## Assignment:
Pictures aside, repeat the listing below exactly.

## Material for the task:

- - - - -

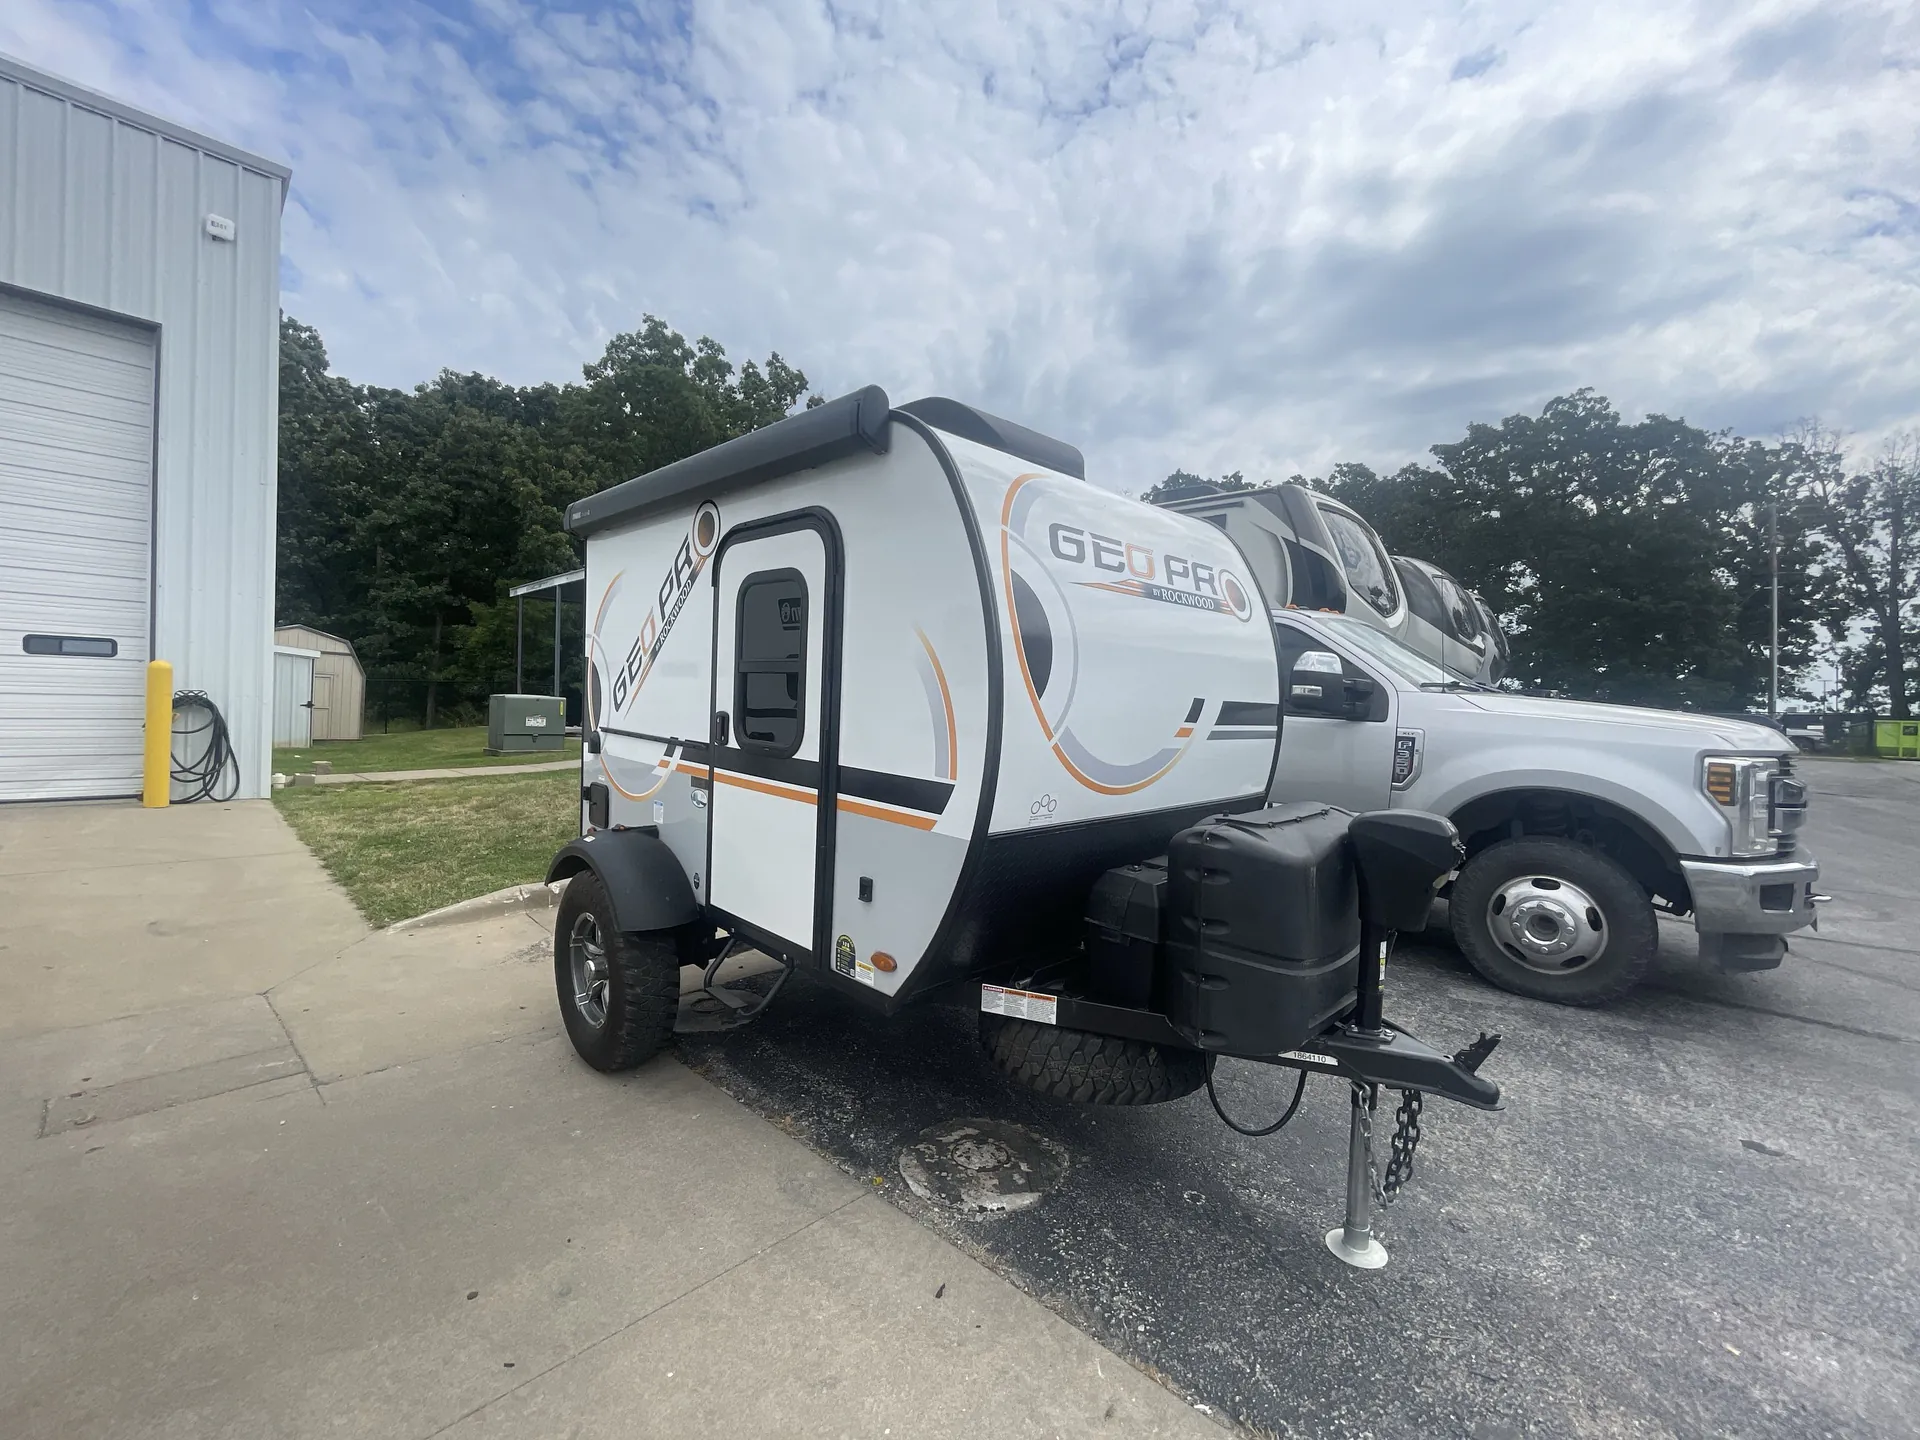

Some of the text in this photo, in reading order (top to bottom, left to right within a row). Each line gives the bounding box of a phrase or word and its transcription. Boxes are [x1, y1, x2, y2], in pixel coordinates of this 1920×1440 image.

[1048, 522, 1252, 622] GEO PRO
[1152, 588, 1214, 610] BY ROCKWOOD
[659, 579, 692, 645] ROCKWOOD
[613, 606, 656, 712] GEO
[1293, 1051, 1327, 1063] 1864110
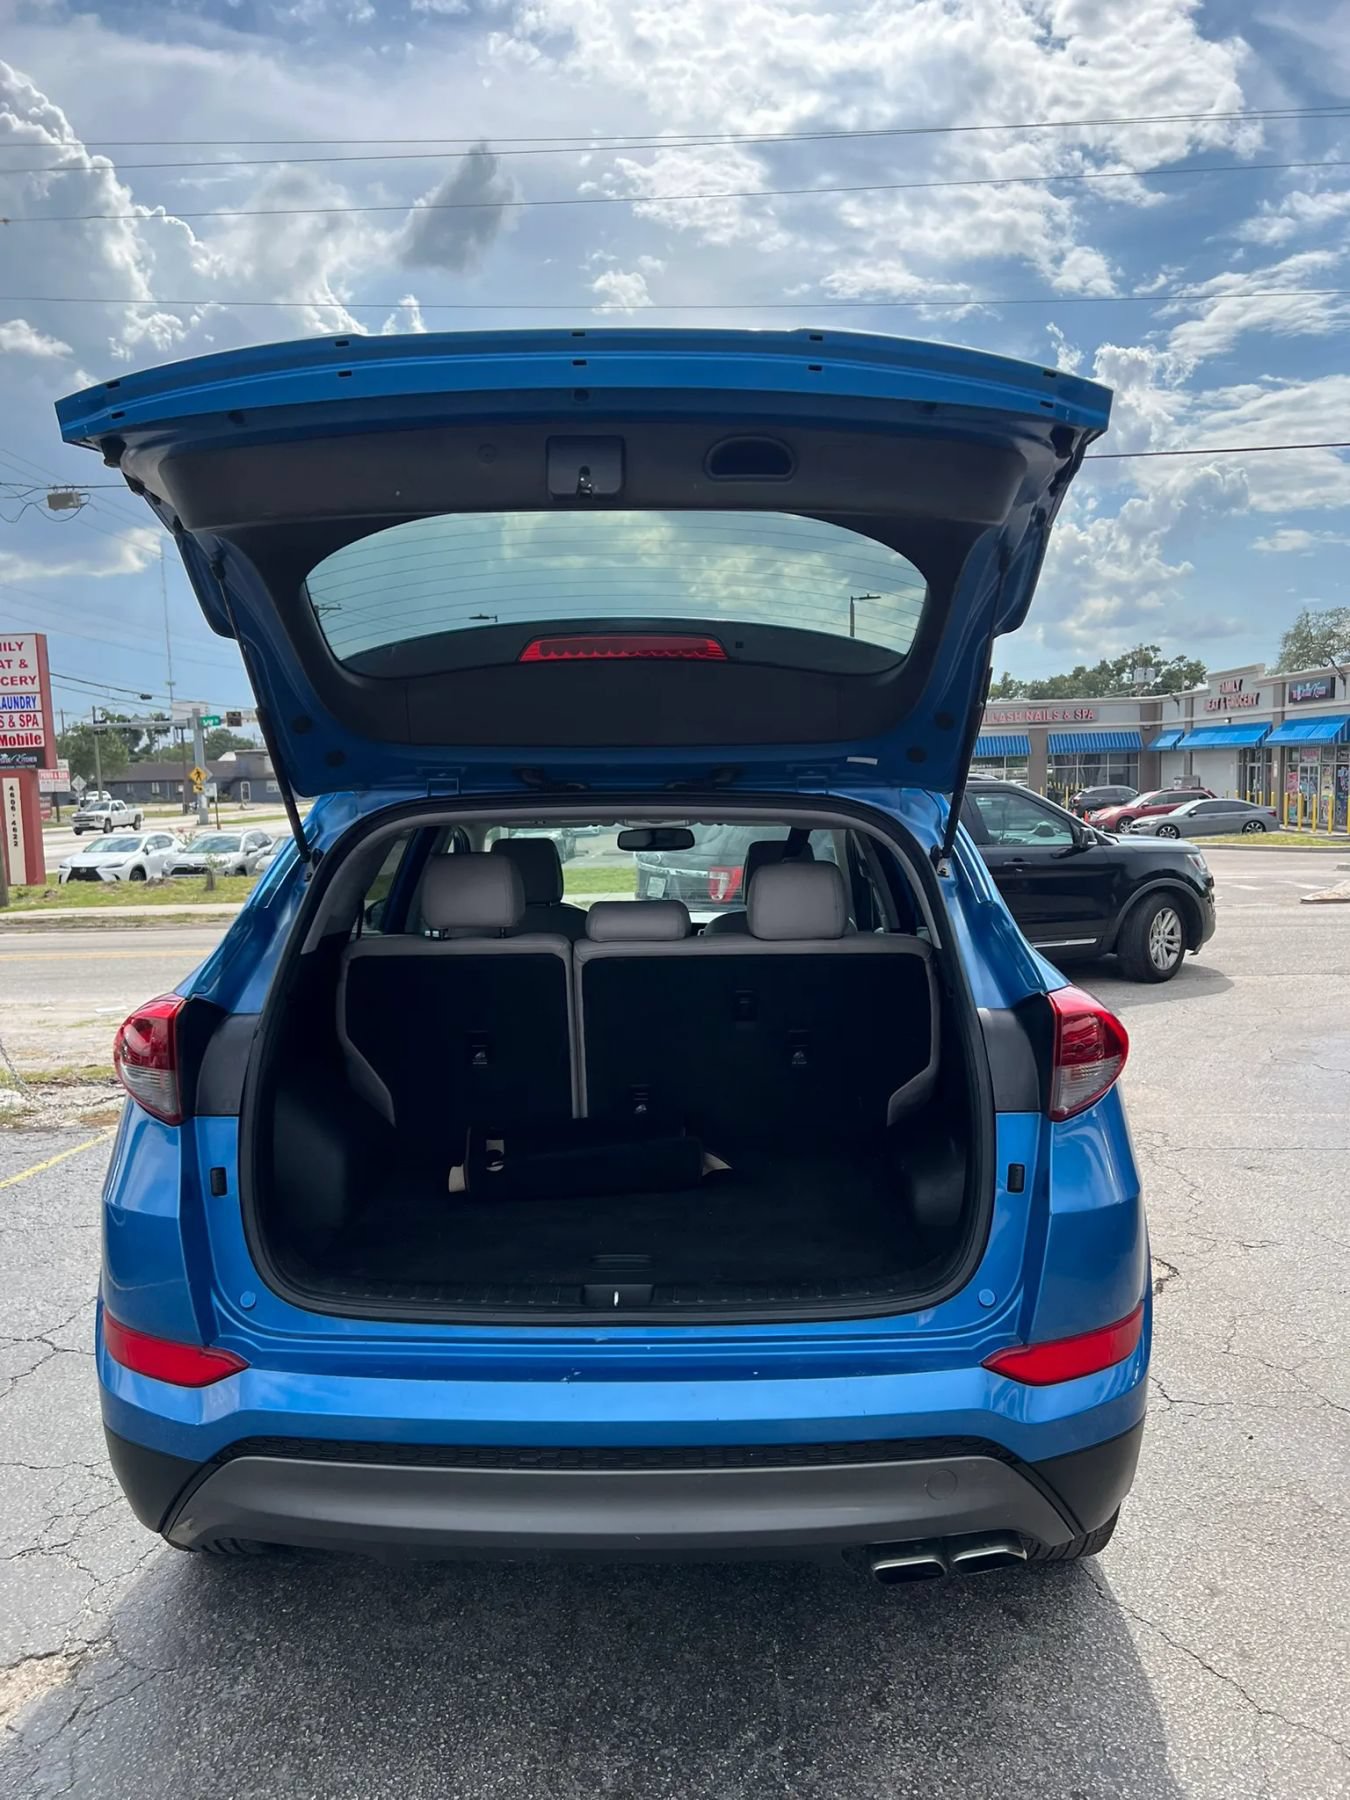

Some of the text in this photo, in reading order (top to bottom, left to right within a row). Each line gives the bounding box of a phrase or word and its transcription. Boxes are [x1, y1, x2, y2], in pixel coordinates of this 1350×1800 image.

[0, 641, 24, 652] ILY
[19, 658, 28, 669] &
[0, 675, 37, 686] CERY
[8, 715, 16, 728] &
[19, 714, 39, 728] SPA
[991, 711, 1023, 723] LASH
[1025, 709, 1060, 721] NAILS
[1063, 710, 1071, 721] &
[1074, 708, 1095, 720] SPA

- - - - -

## Solution for this problem:
Some of the text in this photo, in reading order (top to bottom, left to right within a row). Each line gives the bounding box of a phrase or word and its transcription. Boxes are [x1, y1, x2, y2], in pixel coordinates of this 1920×1440 image.

[1048, 522, 1252, 622] GEO PRO
[1152, 588, 1214, 610] BY ROCKWOOD
[659, 579, 692, 645] ROCKWOOD
[613, 606, 656, 712] GEO
[1293, 1051, 1327, 1063] 1864110

Some of the text in this photo, in reading order (top to bottom, left to right within a row). Each line gives the bounding box of a phrase or word and its transcription. Boxes are [x1, y1, x2, y2], in pixel coordinates of this 1350×1800 image.

[0, 641, 24, 652] ILY
[19, 658, 28, 669] &
[0, 675, 37, 686] CERY
[8, 715, 16, 728] &
[19, 714, 39, 728] SPA
[991, 711, 1023, 723] LASH
[1025, 709, 1060, 721] NAILS
[1063, 710, 1071, 721] &
[1074, 708, 1095, 720] SPA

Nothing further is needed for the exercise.